Majoran verleiht Ihren Speisen ein fein-würziges Aroma. Das leckere Gewächs, dass aus der Familie der Lippenblütler stammt, ist jedoch nicht nur ein beliebtes Küchenkraut: Majoran soll auch die Verdauung unterstützen und zudem Krämpfe und Blähungen lindern. Selbst Durchfallerkrankungen sollen sich dank Majoran schnell bessern. Darüber hinaus wird dem Kraut eine nervenstärkende Wirkung zugeschrieben. Viele gute Gründe, um das Heil- und Gewürzkraut – das seinen Ursprung in Nordafrika und Westasien findet – im heimischen Beet anzubauen, finden Sie nicht auch?
Majoran anpflanzen – Tipps
Die ideale Zeit, um den wärmebedürftig Majoran auszusäen, liegt zwischen Mitte März und Ende Mai. Für die Aussaat geeignet sind nicht nur Töpfe oder Pflanzkästen, die Sie auf Ihre Fensterbank stellen, Ihr Majoran wird auch in einem Frühbeetkasten gut gedeihen. Wichtig ist, dass die Durchschnittstemperatur des Standortes nicht unter 15 Grad Celsius sinkt.
Sie sollten die Samen gleichmäßig auf der Erde verteilen und darauf achten, dass diese nicht zu dicht beieinander liegen. Anschließend sollten Sie Ihr Saatgut mit einer sehr dünnen, lichtdurchlässigen Sandschicht bedecken, denn beim Majoran handelt es sich um einen „Lichtkeimer“. Nun müssen Sie nur noch die Erde befeuchten und abwarten, bis sich die ersten Sämlinge zeigen. Setzen Sie dann jeweils drei bis fünf der jungen Pflanzen in verschiedene Töpfe.
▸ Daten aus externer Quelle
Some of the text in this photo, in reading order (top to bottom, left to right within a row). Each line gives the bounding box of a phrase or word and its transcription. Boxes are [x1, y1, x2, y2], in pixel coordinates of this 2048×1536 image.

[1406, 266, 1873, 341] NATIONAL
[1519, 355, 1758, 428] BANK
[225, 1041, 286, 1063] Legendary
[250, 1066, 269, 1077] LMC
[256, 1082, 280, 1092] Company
Sind die Pflänzchen größer geworden – und besteht keine Gefahr für Spätfröste mehr – darf Ihr Majoran in die Freiheit entlassen werden. Setzen Sie die jungen Pflanzen ins Beet und achten Sie darauf, einen ausreichend großen Abstand zwischen den Pflanzen zu lassen.
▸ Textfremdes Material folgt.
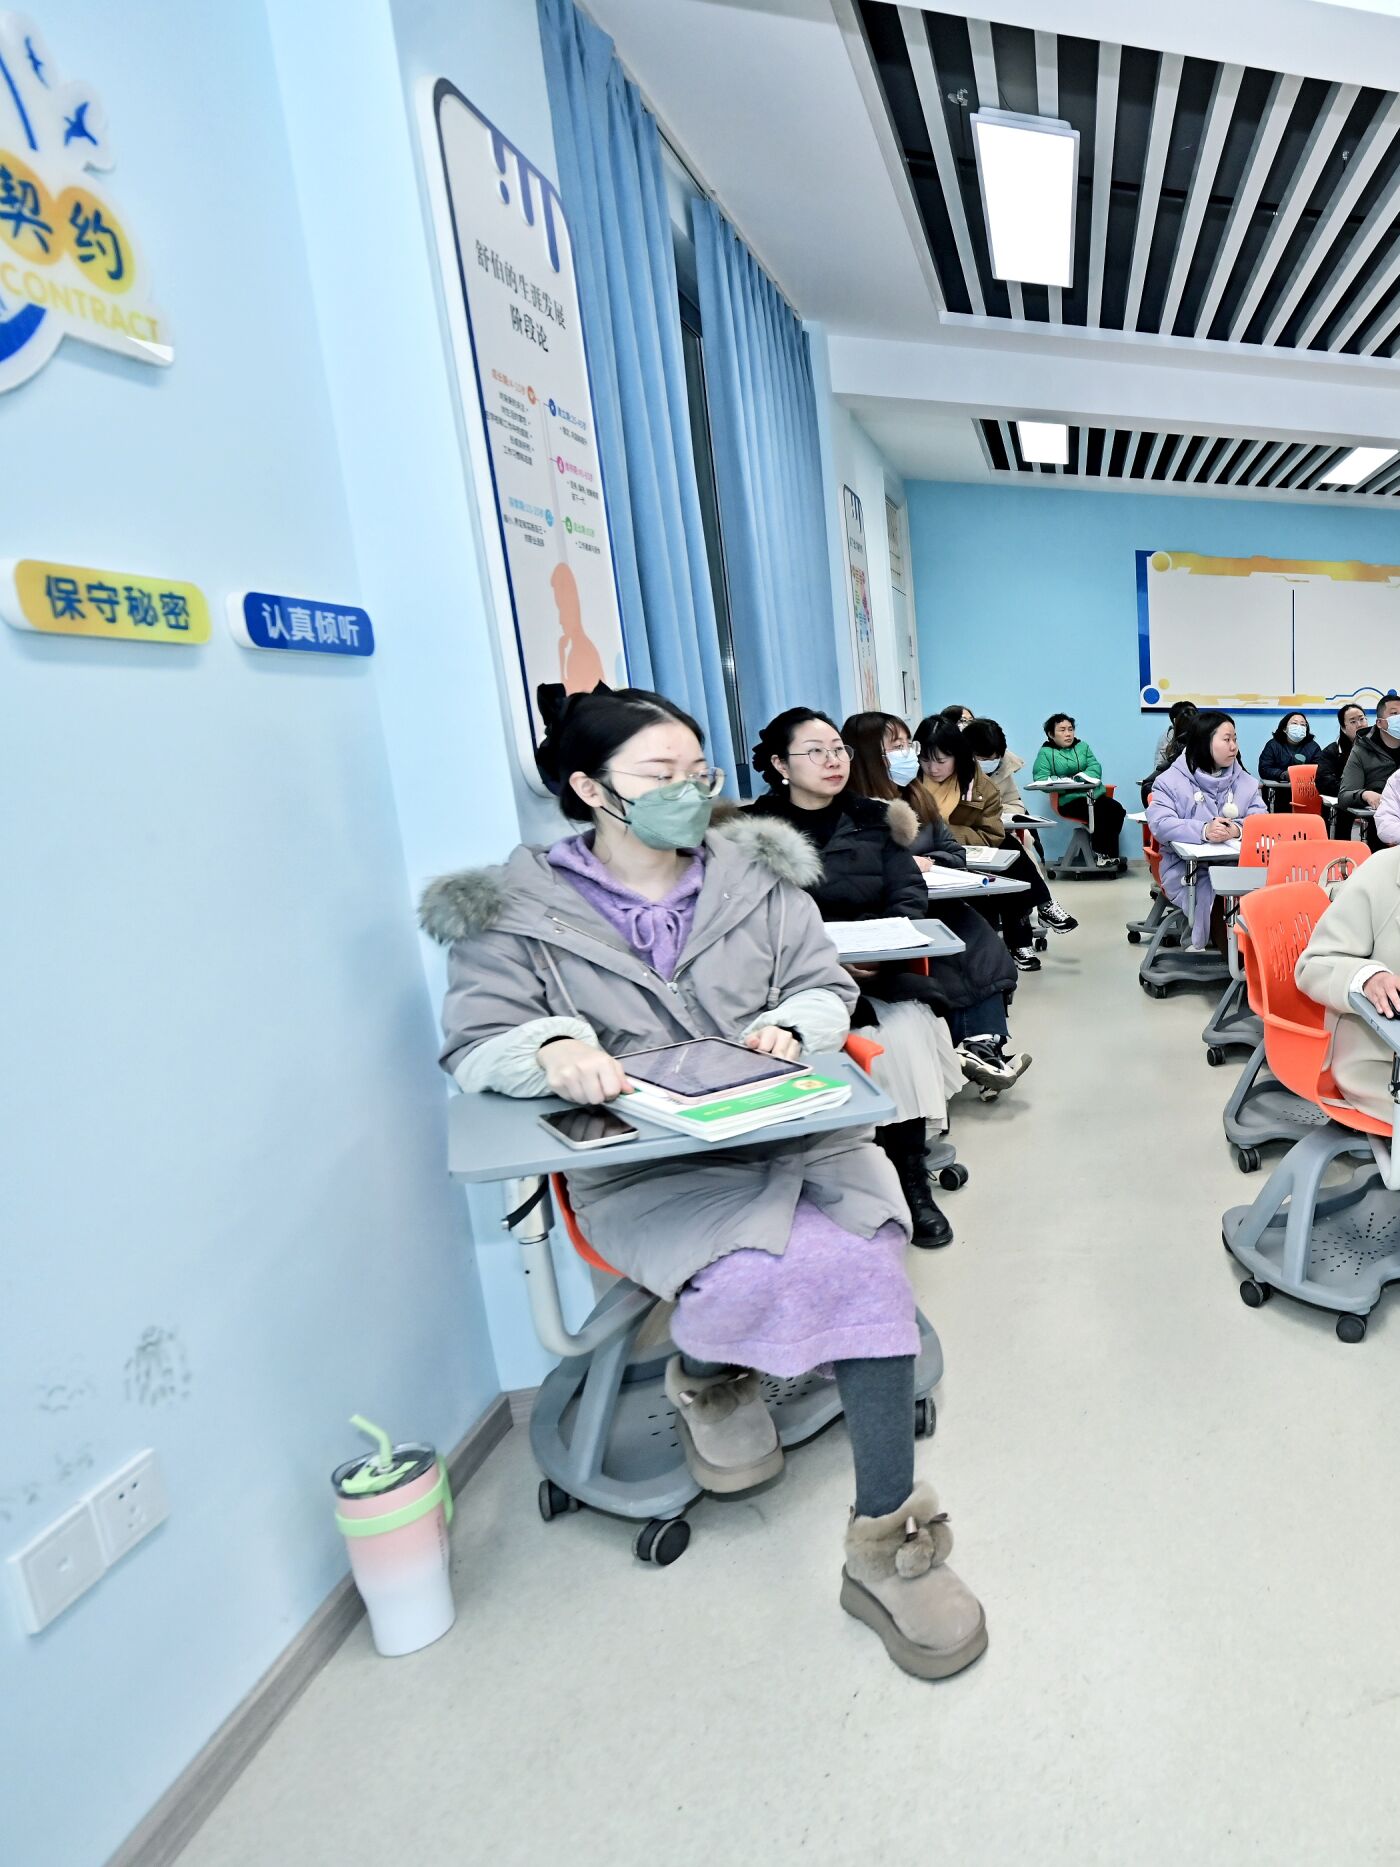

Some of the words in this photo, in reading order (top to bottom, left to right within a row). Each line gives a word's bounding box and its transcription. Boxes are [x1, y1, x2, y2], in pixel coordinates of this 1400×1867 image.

[0, 164, 123, 280] 契约
[1, 262, 158, 341] CONTRACT
[475, 239, 566, 330] 舒伯的生涯发展
[510, 304, 549, 352] 阶段论
[44, 574, 191, 631] 保守秘密
[261, 602, 360, 648] 认真倾听
Ist Ihnen das zu aufwendig? Macht nichts, Sie müssen dennoch nicht auf Ihren Majoran verzichten. Ab Mai dürfen Sie das Kraut direkt im Freiland aussäen.
Majoran richtig pflegen

Während Sie Ihren Majoran bei der Anzucht feuchthalten und regelmäßiges gießen müssen, sollten Sie die größeren Pflanzen nur noch wenig wässern. Besonders wichtig ist das Vermeiden von Staunässe, die im schlimmsten Fall zu Wurzelfäulnis und zum Absterben der Pflanze führen kann. Längere Trockenperioden machen dem Kraut übrigens nichts aus.
Majoran stellt nur wenige Ansprüche an den Boden – Nährstoffe braucht er kaum. Wenn Sie die Erde vor dem Aussäen mit etwas Kompost anreichern, reicht das vollkommen aus.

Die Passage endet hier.